■ **Materials provided**:
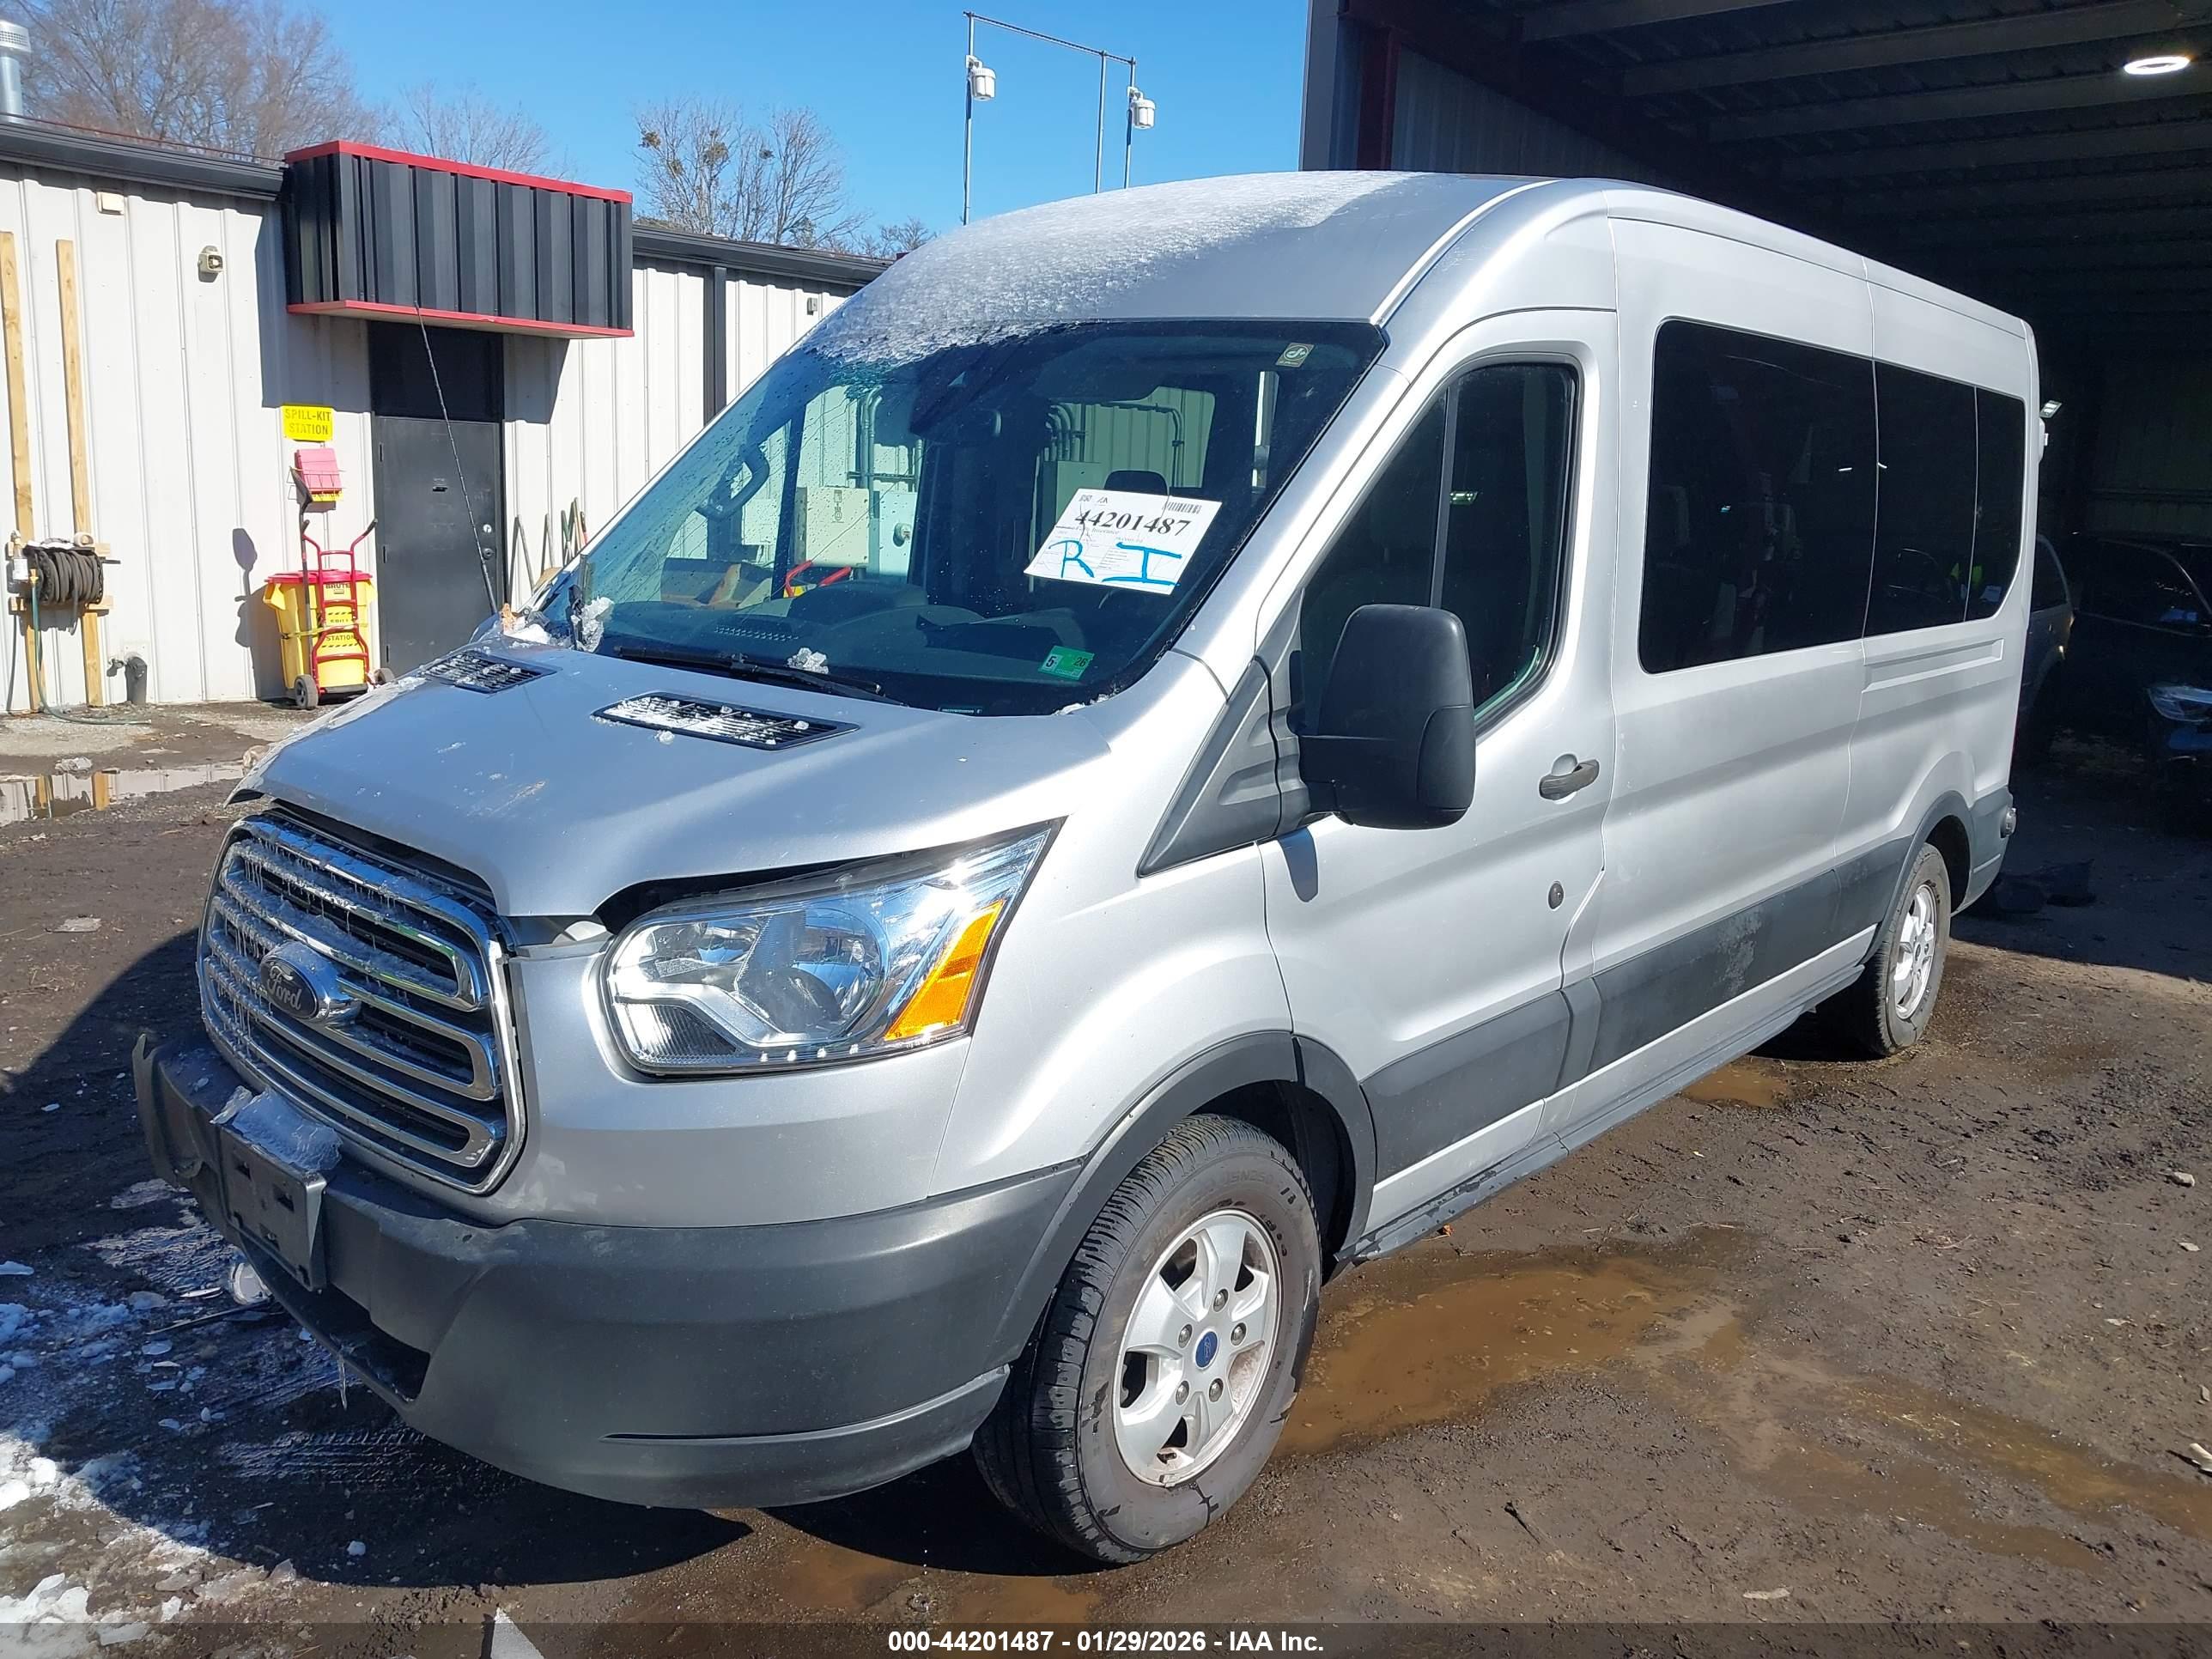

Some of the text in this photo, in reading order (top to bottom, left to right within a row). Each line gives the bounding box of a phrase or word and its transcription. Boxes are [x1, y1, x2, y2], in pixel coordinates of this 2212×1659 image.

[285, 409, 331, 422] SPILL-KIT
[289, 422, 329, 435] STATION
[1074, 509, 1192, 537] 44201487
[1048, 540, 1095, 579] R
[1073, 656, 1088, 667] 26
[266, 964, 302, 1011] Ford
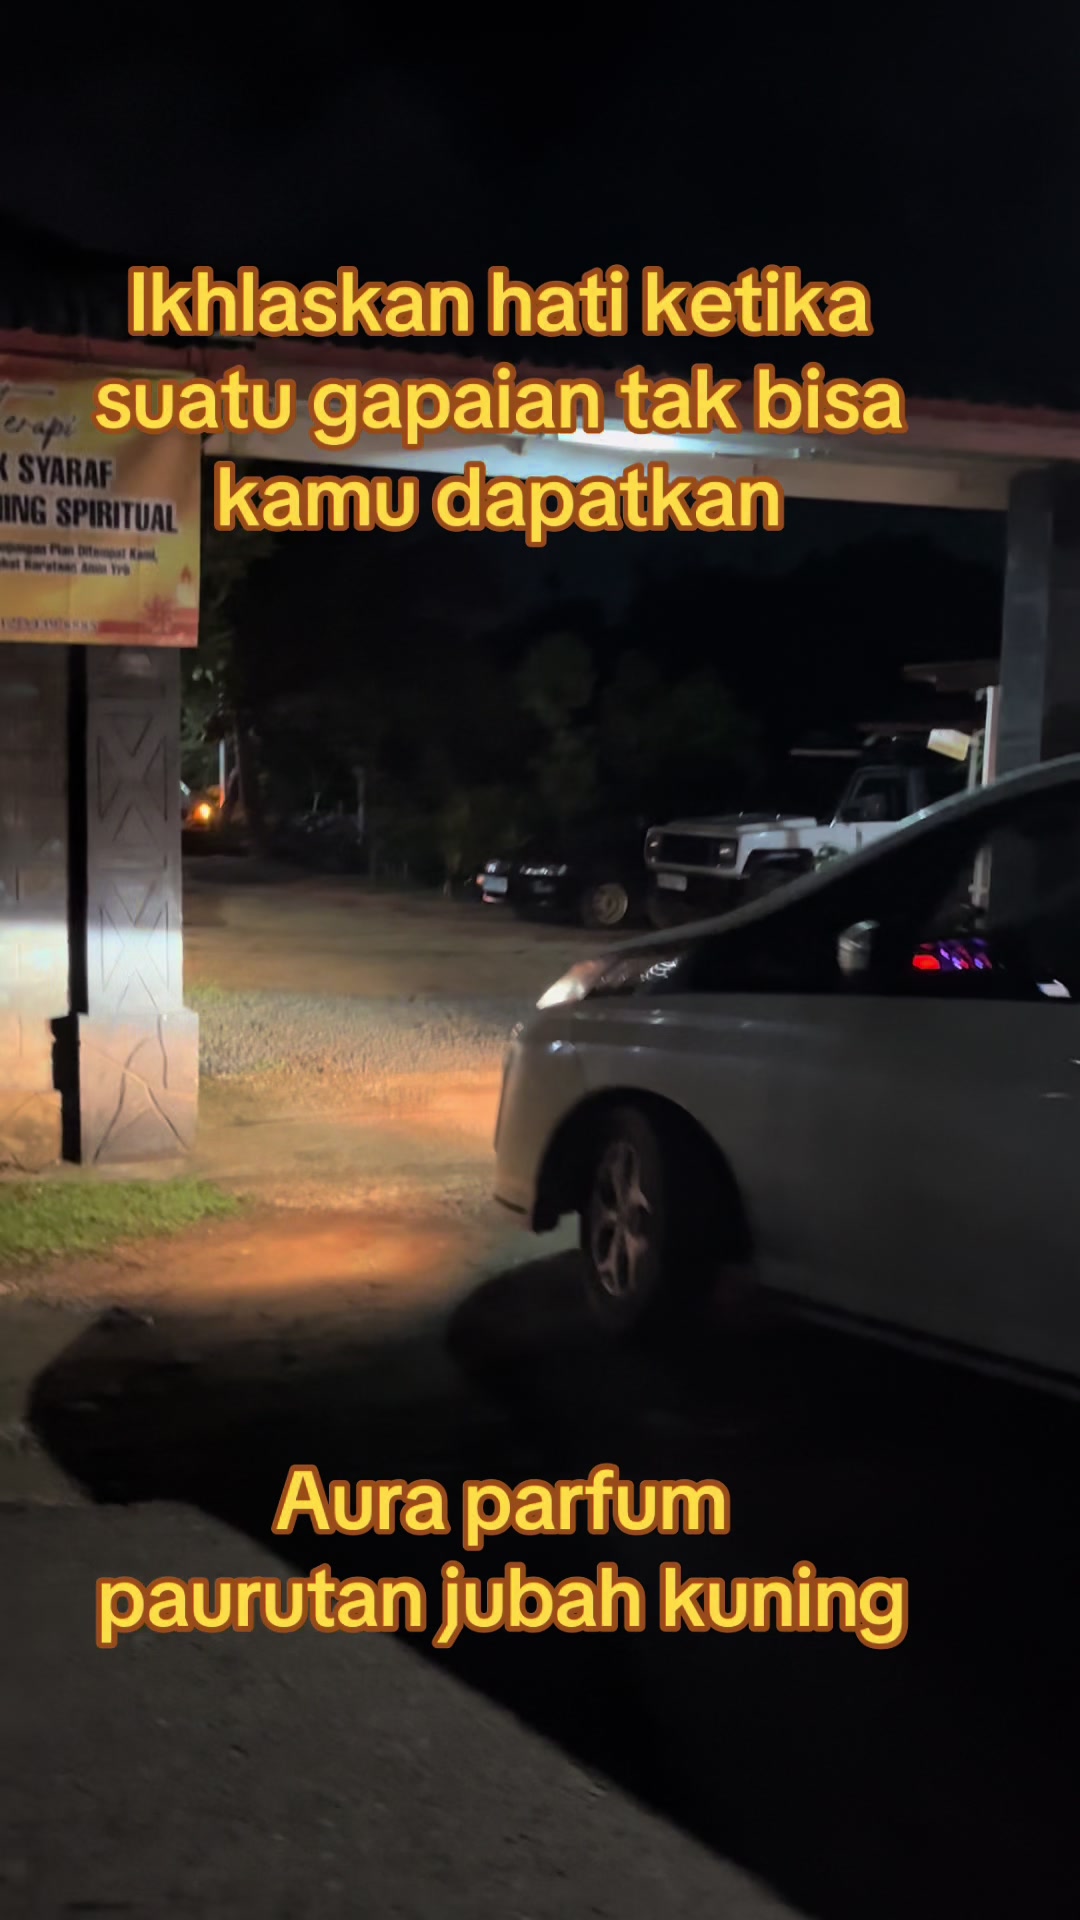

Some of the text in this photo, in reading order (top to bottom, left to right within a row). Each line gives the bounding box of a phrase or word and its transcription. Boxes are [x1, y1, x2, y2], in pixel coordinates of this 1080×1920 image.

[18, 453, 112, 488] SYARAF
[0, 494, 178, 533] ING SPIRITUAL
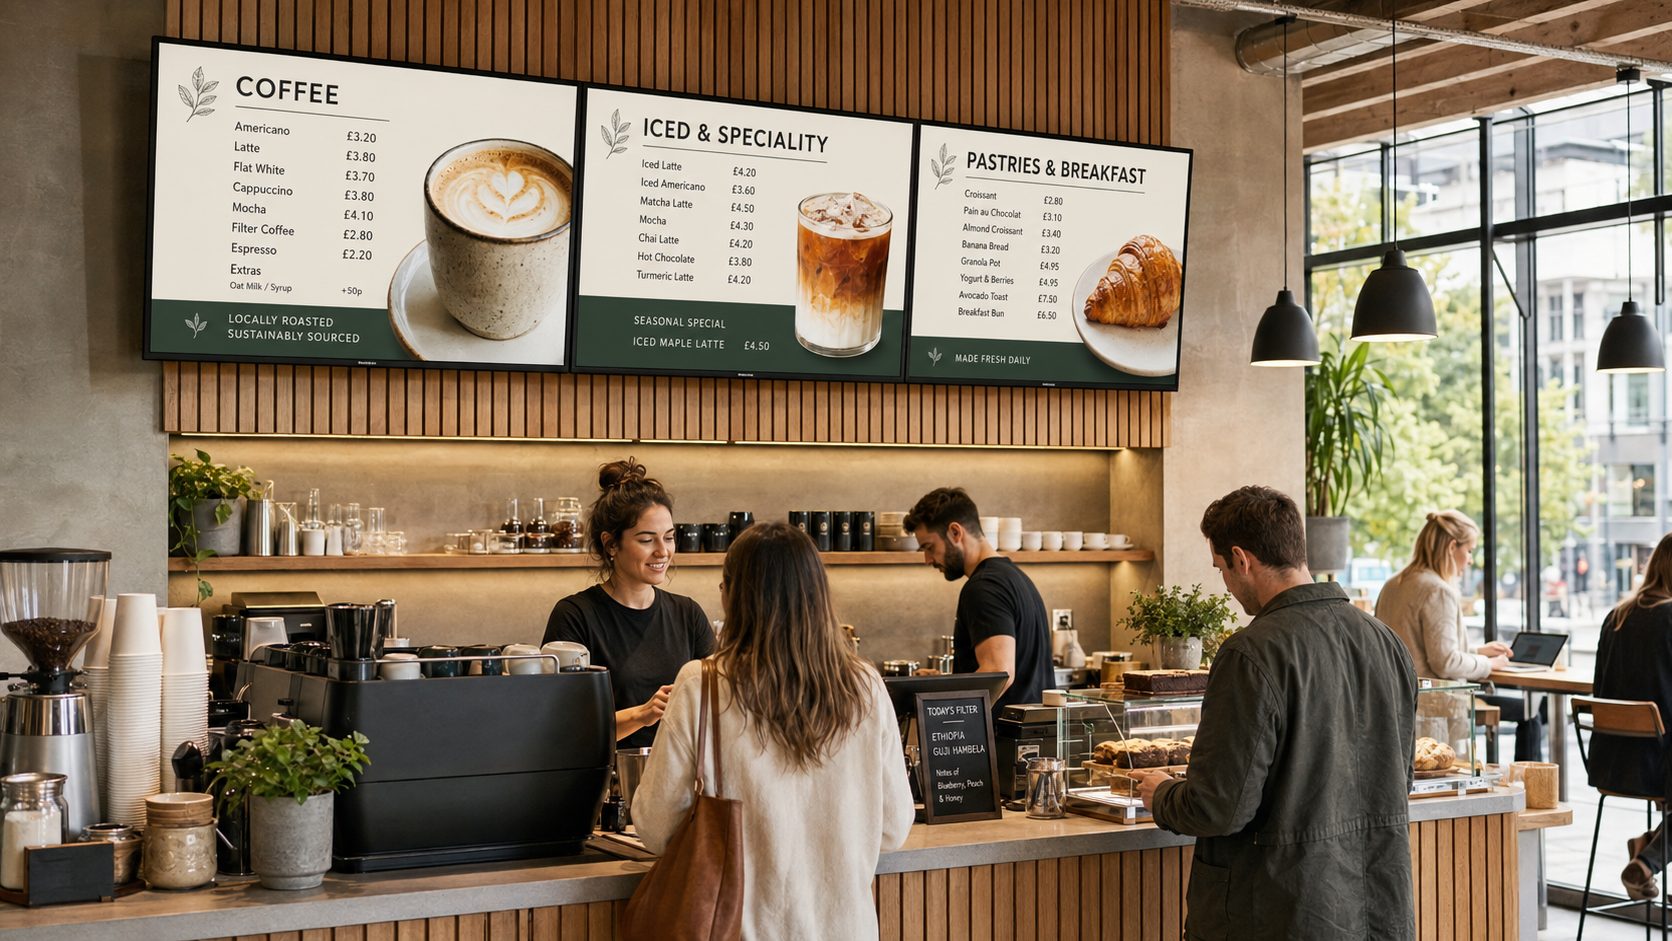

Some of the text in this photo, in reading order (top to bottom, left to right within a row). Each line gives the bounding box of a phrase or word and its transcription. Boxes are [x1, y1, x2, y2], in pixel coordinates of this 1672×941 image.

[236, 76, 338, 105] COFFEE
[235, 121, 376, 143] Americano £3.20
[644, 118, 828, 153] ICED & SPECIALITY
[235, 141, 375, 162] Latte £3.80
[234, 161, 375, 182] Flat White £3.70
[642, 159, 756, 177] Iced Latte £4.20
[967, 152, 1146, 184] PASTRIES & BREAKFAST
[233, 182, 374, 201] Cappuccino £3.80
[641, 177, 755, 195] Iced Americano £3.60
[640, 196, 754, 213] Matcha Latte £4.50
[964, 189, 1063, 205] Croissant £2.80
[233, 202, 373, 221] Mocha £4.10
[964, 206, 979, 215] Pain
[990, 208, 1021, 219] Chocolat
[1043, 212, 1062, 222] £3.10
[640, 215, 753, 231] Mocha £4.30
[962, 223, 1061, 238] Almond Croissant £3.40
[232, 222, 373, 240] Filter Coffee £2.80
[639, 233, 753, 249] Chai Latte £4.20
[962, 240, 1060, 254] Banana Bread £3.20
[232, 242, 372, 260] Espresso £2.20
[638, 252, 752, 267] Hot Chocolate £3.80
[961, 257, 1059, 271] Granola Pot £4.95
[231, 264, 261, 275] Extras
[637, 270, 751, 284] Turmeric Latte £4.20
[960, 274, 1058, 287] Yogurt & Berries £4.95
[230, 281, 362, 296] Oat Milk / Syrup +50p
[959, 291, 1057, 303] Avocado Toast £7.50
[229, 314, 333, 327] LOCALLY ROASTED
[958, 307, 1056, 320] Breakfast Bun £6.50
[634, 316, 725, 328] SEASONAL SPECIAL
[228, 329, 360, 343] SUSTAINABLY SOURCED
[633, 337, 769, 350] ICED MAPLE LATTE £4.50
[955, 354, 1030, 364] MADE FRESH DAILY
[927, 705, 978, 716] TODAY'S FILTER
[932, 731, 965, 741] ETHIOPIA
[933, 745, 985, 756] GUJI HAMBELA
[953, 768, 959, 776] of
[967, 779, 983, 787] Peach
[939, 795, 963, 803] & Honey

■ **What you will do**: Could you transcribe the material above exactly, keeping every picture out?

■ **Final answer**:
Some of the text in this photo, in reading order (top to bottom, left to right within a row). Each line gives the bounding box of a phrase or word and its transcription. Boxes are [x1, y1, x2, y2], in pixel coordinates of this 2212×1659 image.

[285, 409, 331, 422] SPILL-KIT
[289, 422, 329, 435] STATION
[1074, 509, 1192, 537] 44201487
[1048, 540, 1095, 579] R
[1073, 656, 1088, 667] 26
[266, 964, 302, 1011] Ford

Some of the text in this photo, in reading order (top to bottom, left to right within a row). Each line gives the bounding box of a phrase or word and its transcription. Boxes are [x1, y1, x2, y2], in pixel coordinates of this 1080×1920 image.

[18, 453, 112, 488] SYARAF
[0, 494, 178, 533] ING SPIRITUAL

Some of the text in this photo, in reading order (top to bottom, left to right within a row). Each line gives the bounding box of a phrase or word and its transcription. Boxes are [x1, y1, x2, y2], in pixel coordinates of this 1672×941 image.

[236, 76, 338, 105] COFFEE
[235, 121, 376, 143] Americano £3.20
[644, 118, 828, 153] ICED & SPECIALITY
[235, 141, 375, 162] Latte £3.80
[234, 161, 375, 182] Flat White £3.70
[642, 159, 756, 177] Iced Latte £4.20
[967, 152, 1146, 184] PASTRIES & BREAKFAST
[233, 182, 374, 201] Cappuccino £3.80
[641, 177, 755, 195] Iced Americano £3.60
[640, 196, 754, 213] Matcha Latte £4.50
[964, 189, 1063, 205] Croissant £2.80
[233, 202, 373, 221] Mocha £4.10
[964, 206, 979, 215] Pain
[990, 208, 1021, 219] Chocolat
[1043, 212, 1062, 222] £3.10
[640, 215, 753, 231] Mocha £4.30
[962, 223, 1061, 238] Almond Croissant £3.40
[232, 222, 373, 240] Filter Coffee £2.80
[639, 233, 753, 249] Chai Latte £4.20
[962, 240, 1060, 254] Banana Bread £3.20
[232, 242, 372, 260] Espresso £2.20
[638, 252, 752, 267] Hot Chocolate £3.80
[961, 257, 1059, 271] Granola Pot £4.95
[231, 264, 261, 275] Extras
[637, 270, 751, 284] Turmeric Latte £4.20
[960, 274, 1058, 287] Yogurt & Berries £4.95
[230, 281, 362, 296] Oat Milk / Syrup +50p
[959, 291, 1057, 303] Avocado Toast £7.50
[229, 314, 333, 327] LOCALLY ROASTED
[958, 307, 1056, 320] Breakfast Bun £6.50
[634, 316, 725, 328] SEASONAL SPECIAL
[228, 329, 360, 343] SUSTAINABLY SOURCED
[633, 337, 769, 350] ICED MAPLE LATTE £4.50
[955, 354, 1030, 364] MADE FRESH DAILY
[927, 705, 978, 716] TODAY'S FILTER
[932, 731, 965, 741] ETHIOPIA
[933, 745, 985, 756] GUJI HAMBELA
[953, 768, 959, 776] of
[967, 779, 983, 787] Peach
[939, 795, 963, 803] & Honey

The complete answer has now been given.